In this church we are all held in community, by a fabric stronger than our own thin cloaks. In this church we are held in a graceful and forgiving theological narrative that insists without exception that all are beloved. In this church we’re held by each other and by a larger Love that will not let us go. That is the radical, heretical, saving message of Universalism. We ourselves, in human form, in mortal, messy, clumsy form, are not just the image of God, but the very shape, the actual ears, eyes, hands, beholding you and holding you when the weight of the world is too much.

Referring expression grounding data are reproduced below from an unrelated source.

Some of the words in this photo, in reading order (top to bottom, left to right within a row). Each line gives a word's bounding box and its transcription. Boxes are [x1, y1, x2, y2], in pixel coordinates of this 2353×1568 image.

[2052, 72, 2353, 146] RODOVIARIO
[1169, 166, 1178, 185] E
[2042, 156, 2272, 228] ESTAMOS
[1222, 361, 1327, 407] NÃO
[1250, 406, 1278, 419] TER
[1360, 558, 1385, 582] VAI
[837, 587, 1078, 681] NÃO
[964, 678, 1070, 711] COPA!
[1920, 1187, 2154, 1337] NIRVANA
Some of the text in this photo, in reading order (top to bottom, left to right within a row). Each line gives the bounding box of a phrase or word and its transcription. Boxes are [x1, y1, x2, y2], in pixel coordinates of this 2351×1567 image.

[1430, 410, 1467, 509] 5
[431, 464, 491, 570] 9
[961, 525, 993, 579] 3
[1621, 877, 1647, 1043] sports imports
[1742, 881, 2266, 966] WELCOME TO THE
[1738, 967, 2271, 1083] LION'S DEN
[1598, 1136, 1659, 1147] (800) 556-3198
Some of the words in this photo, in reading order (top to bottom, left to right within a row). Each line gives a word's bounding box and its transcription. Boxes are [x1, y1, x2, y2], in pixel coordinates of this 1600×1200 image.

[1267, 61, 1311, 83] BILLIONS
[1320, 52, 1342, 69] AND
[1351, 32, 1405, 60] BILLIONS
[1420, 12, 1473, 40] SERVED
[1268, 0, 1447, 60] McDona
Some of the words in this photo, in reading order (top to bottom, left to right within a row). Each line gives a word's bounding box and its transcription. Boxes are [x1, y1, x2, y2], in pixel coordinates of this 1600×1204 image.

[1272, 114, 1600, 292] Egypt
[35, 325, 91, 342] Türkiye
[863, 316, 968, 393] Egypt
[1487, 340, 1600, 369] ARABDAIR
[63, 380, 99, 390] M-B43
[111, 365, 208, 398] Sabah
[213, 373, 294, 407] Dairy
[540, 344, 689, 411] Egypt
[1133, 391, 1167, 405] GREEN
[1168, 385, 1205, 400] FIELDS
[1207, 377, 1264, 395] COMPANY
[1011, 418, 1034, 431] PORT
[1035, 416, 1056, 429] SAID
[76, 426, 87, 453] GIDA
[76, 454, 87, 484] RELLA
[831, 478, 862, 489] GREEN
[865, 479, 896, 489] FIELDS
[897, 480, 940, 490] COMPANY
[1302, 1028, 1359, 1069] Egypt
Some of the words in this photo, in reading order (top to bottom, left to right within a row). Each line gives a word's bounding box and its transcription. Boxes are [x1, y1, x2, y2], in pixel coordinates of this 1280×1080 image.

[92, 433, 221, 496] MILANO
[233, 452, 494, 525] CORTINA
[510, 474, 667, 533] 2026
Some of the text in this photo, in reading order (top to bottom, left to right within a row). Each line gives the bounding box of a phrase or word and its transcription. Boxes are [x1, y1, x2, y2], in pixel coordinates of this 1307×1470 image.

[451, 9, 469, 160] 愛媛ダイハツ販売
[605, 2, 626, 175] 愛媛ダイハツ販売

In this house we uphold and we are held within a graceful, hopeful, laughing, weeping, forgiving, saving faith. These are lofty things. Esoteric. Spiritual. They need a tangible container, sacred space, a house. The work of the spirit, when done in community, and in the real world in real time, needs a roof and a floor, with governance, bylaws, and a little light but serious bureaucracy; space for children, tables and chairs, a coffee pot and coffee; it needs salaries and benefits that are fair and that you’re proud of for the staff, and lights and computers and a parking lot; sheet music for the Choir, matches for the chalice, and furnaces that work and are as green as they can be to keep the people warm.
A vibrant Unitarian Universalist congregation in this corner of the heartland in this decade of the 21st century, plus or minus 1500 people striving to serve the world and anchor their hearts in love, in principle, in conscience, in reason and faith, and in a long, historic line of radical hope and inclusion—made as we are of flesh and blood, dreams and bones—requires brick and stone to hold it safe and house it. Think of what these walls have seen and heard and held: the aspiration of a people, which like inspiration comes from the same root word as spirit, which means breath, as ephemeral and real as wind, and different from the wind, because it’s gathered here, in one strong body.
This month, when the pledge committee asks us all to make a pledge of financial support, I hope you will join me and my family in saying, Yes. Absolutely. With gratitude and gladness. Yes. We are all in.